Determined to thwart her parents' plans to marry her off into Asian suburbia, Fiona seeks her freedom at any price. How far will she go to bury the Hello Kitty stereotype forever? Fiona's journey of self-discovery is biting and clever as she embraces her true nature and creates her own version of the American Dream, eliminating - without fear or remorse - anyone who stands in her way.
If you count yourself among the denizens of contemporary dark satire who assume that gleeful nihilism is the purview of only middle-aged white men like Chuck Palahniuk and Bret Easton Ellis, prepare to broaden your horizons and meet Angela Choi. This is Choi's first book, and Angela Lin, noted for her voice work on the novel Lost in Translation, narrates it with triumphant cheekiness.

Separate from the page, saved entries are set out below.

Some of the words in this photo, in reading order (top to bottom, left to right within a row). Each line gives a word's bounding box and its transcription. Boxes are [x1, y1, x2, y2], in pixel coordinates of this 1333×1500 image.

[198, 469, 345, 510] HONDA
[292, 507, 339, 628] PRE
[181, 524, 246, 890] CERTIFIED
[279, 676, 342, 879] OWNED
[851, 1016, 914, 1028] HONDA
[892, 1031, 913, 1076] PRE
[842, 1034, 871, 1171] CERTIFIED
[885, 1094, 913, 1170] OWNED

This is the story of Fiona Yu, a jaded Bay Area lawyer approaching 30 while saddled with all the stereotypical baggage of living with her traditional Chinese parents. Choi herself lives in San Francisco, turned 30 not long ago, and quit her law firm to write this book. As this book contains about 20 murders, hopefully Choi's art does not mirror her life too completely. Fiona is a badass, not a Hello Kitty. A Hello Kitty is the kind of Asian woman who loses her virginity to an arranged marriage then spends the rest of her life quietly cooking and doing laundry.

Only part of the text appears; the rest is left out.